Transcriptome de novo assembly

   Raw reads from both 454 pyrosequencing platform and Illumina HiSeq™
   2000 were filtered to remove adapter sequences with sequence
   pre-processing tools, Cutadapt ([60]Martin, 2011) and Trimmomatic
   ([61]Bolger, Lohse & Usadel, 2014), respectively. High quality Illumina
   raw reads with Phred score ≥ 25 were kept for assembly. For root
   transcriptome, iAssembler pipeline ([62]Zheng et al., 2011), which
   includes MIRA ([63]Chevreux et al., 2004) and CAP3 ([64]Huang & Madan,
   1999) assemblers, was executed with the filtered dataset. The analysis
   pipeline includes three consecutive runs of MIRA with default
   parameters followed by CAP3 assembly to obtain the final assembled
   transcripts. Trinity pipeline ([65]Grabherr et al., 2011) was used to
   assemble the leaf transcriptome from two leaf libraries, whereas the
   combined transcriptome was assembled from two leaf libraries and one
   simulated root library. Assembled reads from the root transcriptome
   were clipped to 90 bp pseudo reads with 5 bp overlap using an in-house
   PHP script ([66]http://gitlab.inbiosis.ws/open-source/rnaseq-utils) to
   simulate Illumina sequencing output for accommodating Trinity assembler
   short read requirement. For this assembly, leaf raw read datasets were
   normalized with digital normalization following Khmer 1.0 mRNASeq
   protocol ([67]Brown et al., 2014).

   This project was registered at NCBI’s BioProject with the accession
   number [68]PRJNA208436. All raw read datasets were deposited to NCBI
   SRA database ([69]http://www.ncbi.nlm.nih.gov/sra) with the accession
   number [70]SRX669305 (leaf) and [71]SRX313492 (root) ([72]Loke et al.,
   2016). Assembled transcripts were deposited to NCBI TSA database
   ([73]http://www.ncbi.nlm.nih.gov/genbank/tsa) with the accession number
   [74]GCJZ00000000. The assembled transcripts with annotation can also be
   accessed at
   [75]http://prims.researchfrontier.org/index.php/dataset/transcriptome.

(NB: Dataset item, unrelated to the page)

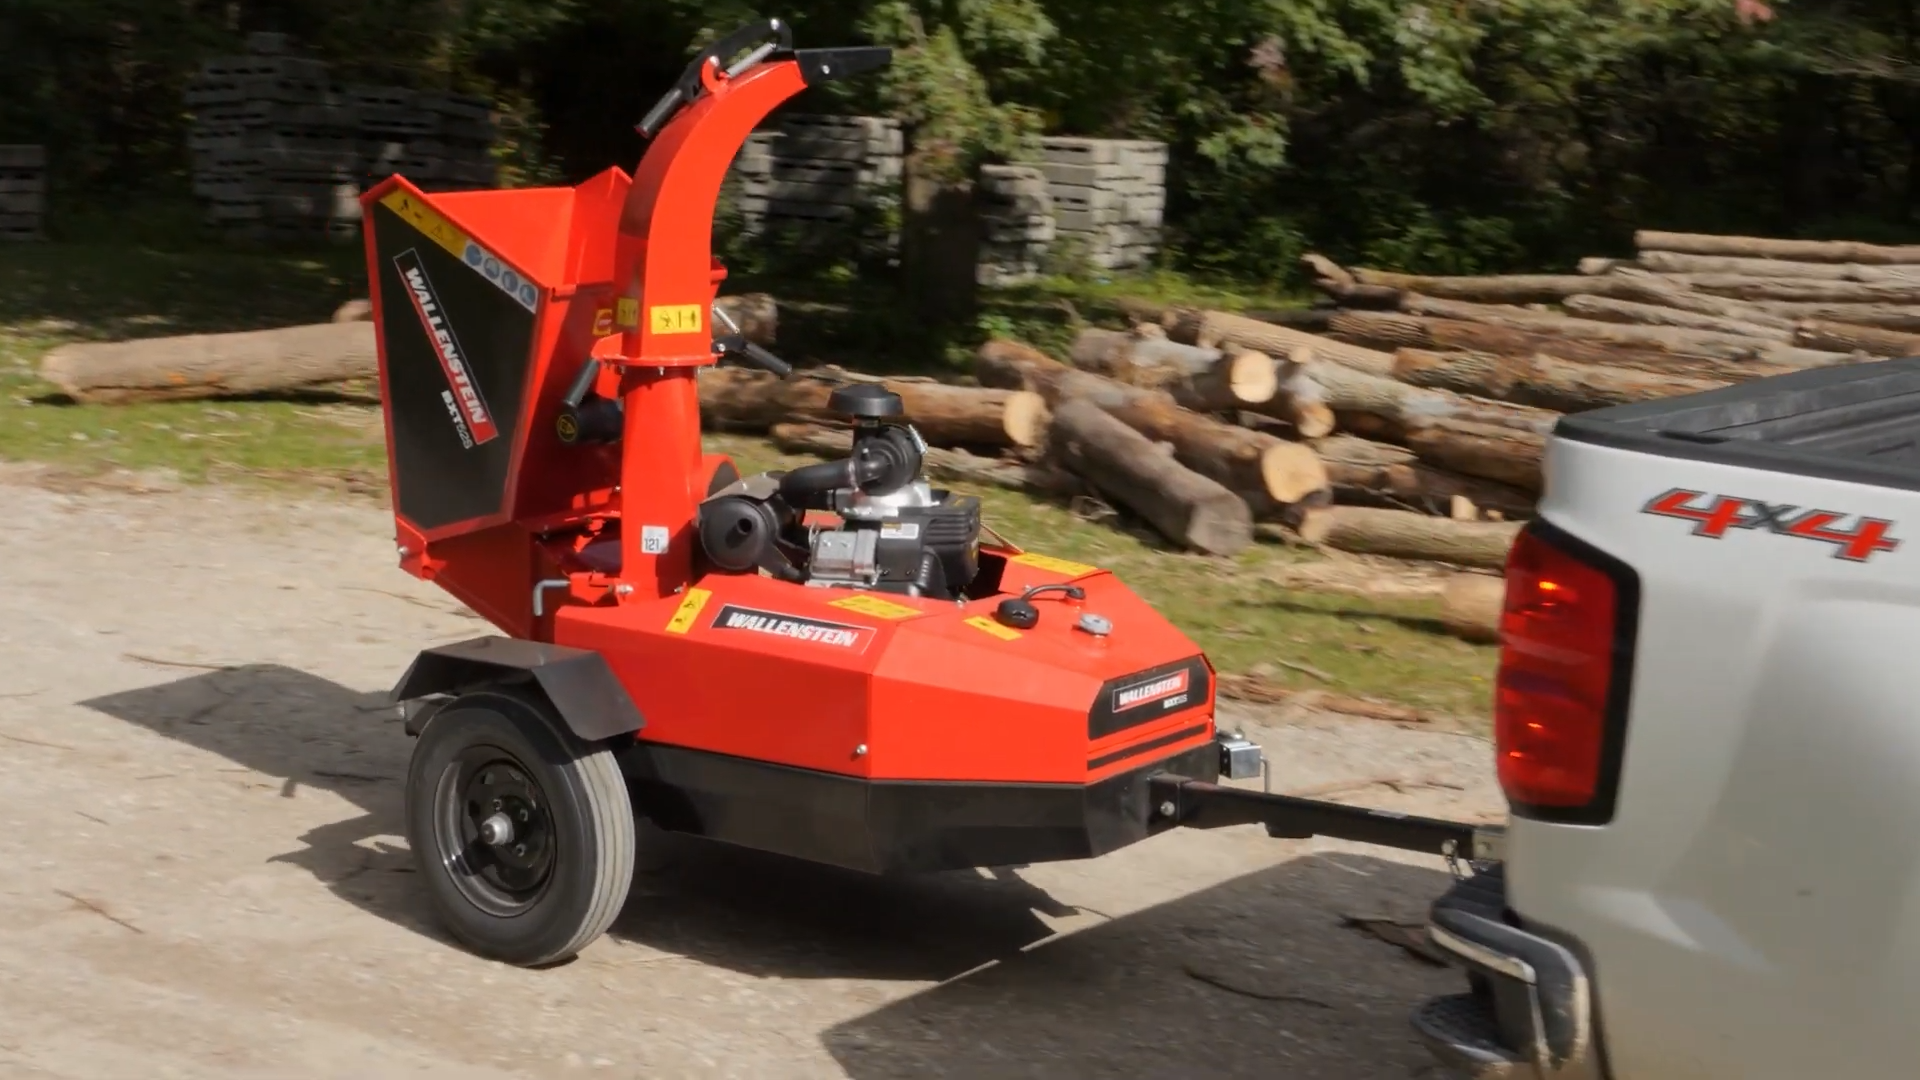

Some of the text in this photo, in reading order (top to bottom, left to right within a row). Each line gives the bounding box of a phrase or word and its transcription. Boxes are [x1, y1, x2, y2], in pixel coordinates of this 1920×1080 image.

[405, 266, 487, 424] WALLENSTEIN
[645, 537, 660, 551] 121
[726, 612, 859, 647] WALLENSTEIN

Transcript functional annotation

   An annotation pipeline from Trinotate was performed to annotate
   assembled transcripts ([76]Grabherr et al., 2011). The Trinotate
   annotation pipeline includes several software packages such as BLASTX,
   BLASTP, PFAM search, SignalP, and RNAmmer that are essential in
   transcriptome functional annotation. All analyses were performed in
   parallel using assembled FASTA sequences.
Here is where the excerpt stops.